Daisy semakin mengeratkan pegangan tangannya pada pinggiran tangga, dengan sekuat tenaga berusaha menahan tubuhnya agar tetap kuat berdiri. Perlahan Daisy mulai menarik nafasnya dalam-dalam, berharap dengan hal itu rasa sakit di perutnya segera menghilang. Lagi, Daisy kembali menarik nafasnya dalam-dalam, kali ini hal itu ia lakukan agar ia mendapatkan kekuatan lebih untuk bisa menuruni tangga, setidaknya mungkin di bawah sana ia bisa mendapatkan bantuan.

Dengan sekuat tenaga Daisy mulai mengangkat sebelah kaki nya, bersiap untuk kembali menuruni tangga. Namun, belum sempat kaki nya itu menginjak anak tangga dibawahnya, rasa sakit di perut Daisy kembali terasa, bahkan lebih sakit dari sebelumnya. Tak hanya itu, kali rasa sakit itu mulai menjalar keseluruh bagian tubuhnya, terlebih di bagian dadanya yang saat ini terasa panas seperti terbakar.

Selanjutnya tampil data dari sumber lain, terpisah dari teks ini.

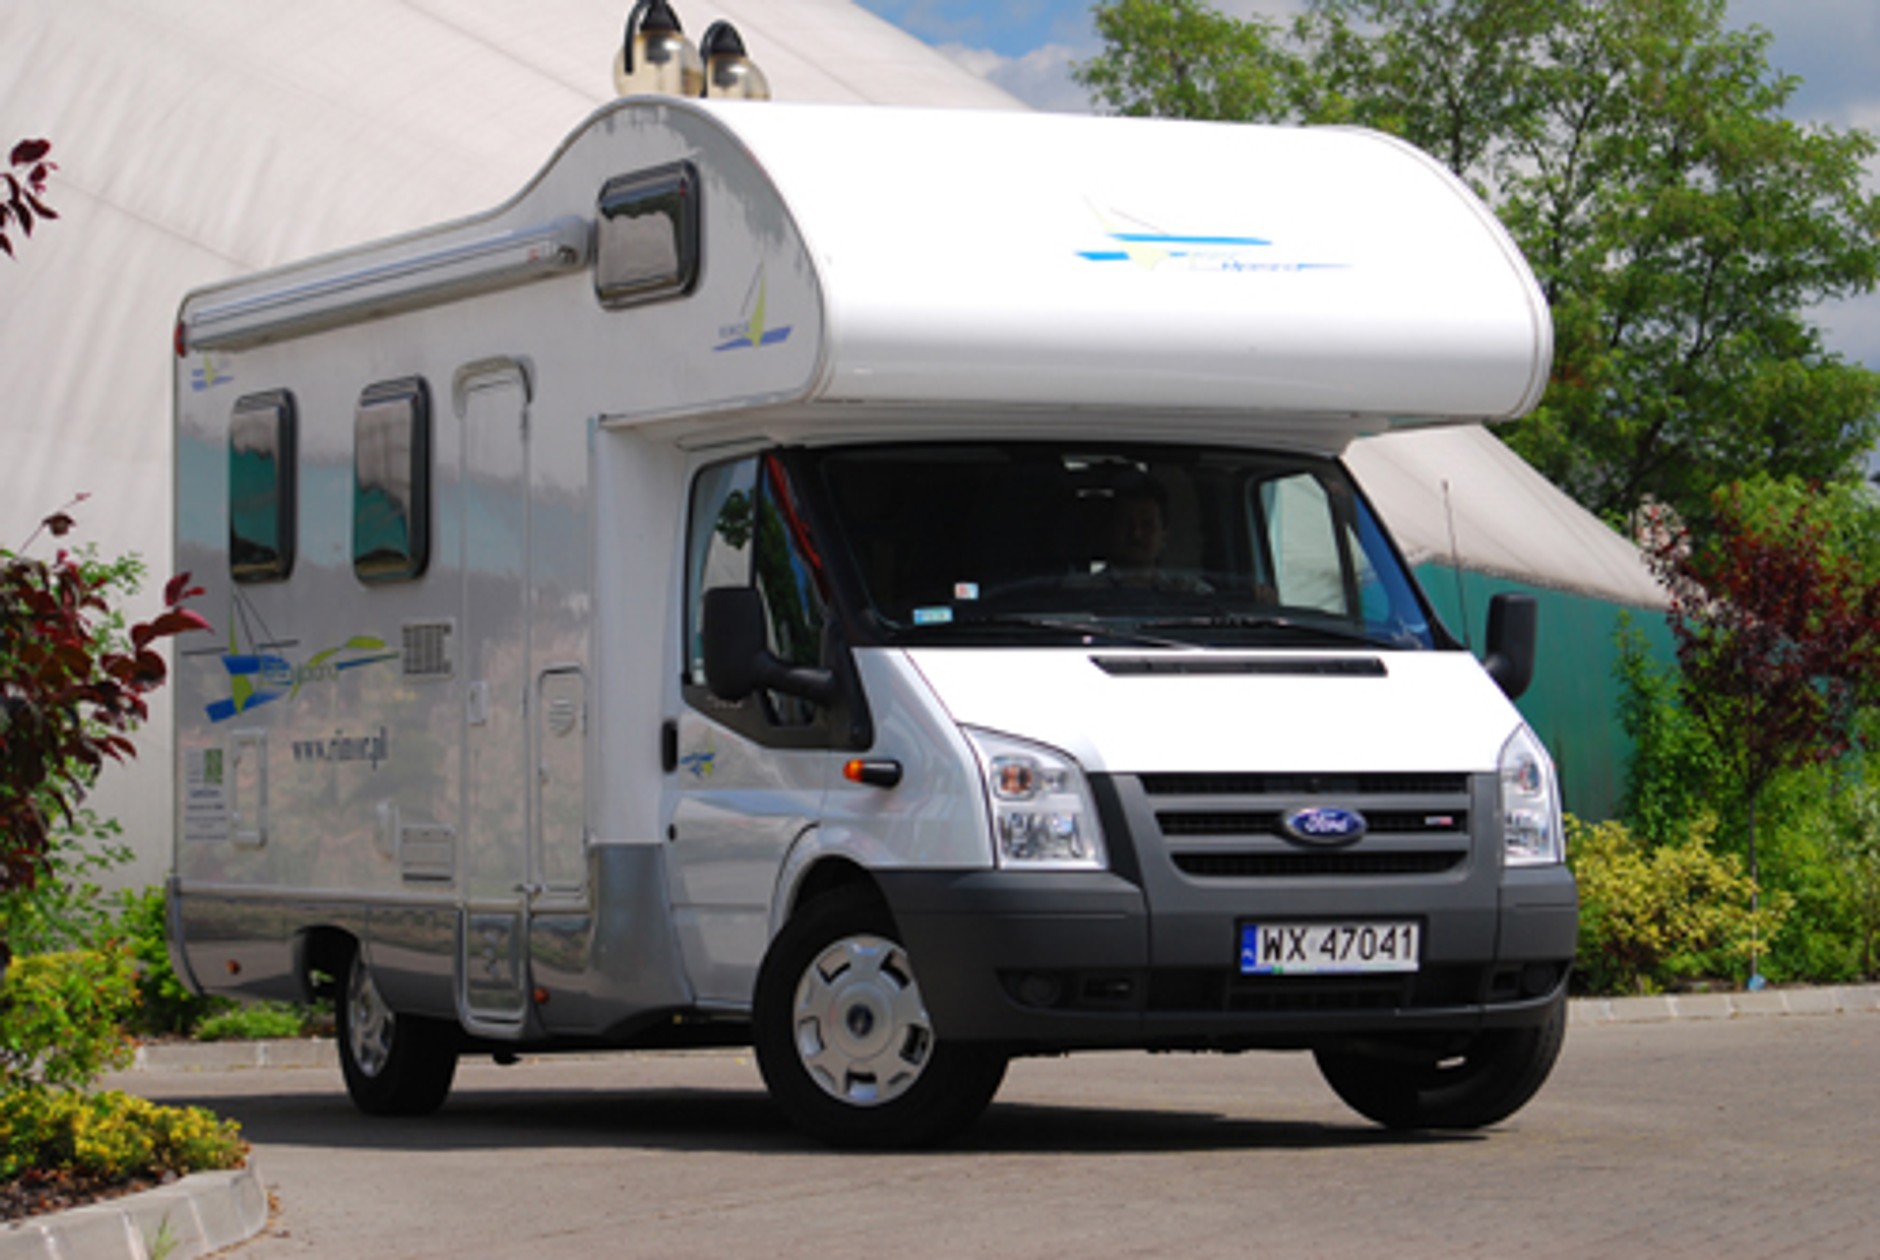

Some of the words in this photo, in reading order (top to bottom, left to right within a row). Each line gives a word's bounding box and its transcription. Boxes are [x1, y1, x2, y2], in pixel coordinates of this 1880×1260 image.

[1303, 812, 1348, 833] Ford
[1263, 927, 1308, 962] WX
[1319, 924, 1412, 961] 47041

Butuh beberapa saat bagi Daisy untuk sadar bahwa sebenarnya rasa sakit ini sudah pernah ia rasakan. Terakhir ia merasakannya saat kelas Sembilan dulu, saat dirinya melupakan sarapan karena harus fokus pada persiapan Ujian Nasional. Daisy ingat rasa sakit ini, maag akut nya kambuh. Untuk kesekian kali nya Daisy menyesal karena tak mendengarkan perkataan Laila saat istirahat pertama tadi, harus nya Daisy memakan bekalnya walaupun itu hanya sesuap. Namun, penyesalan sudah tak ada artinya sekarang.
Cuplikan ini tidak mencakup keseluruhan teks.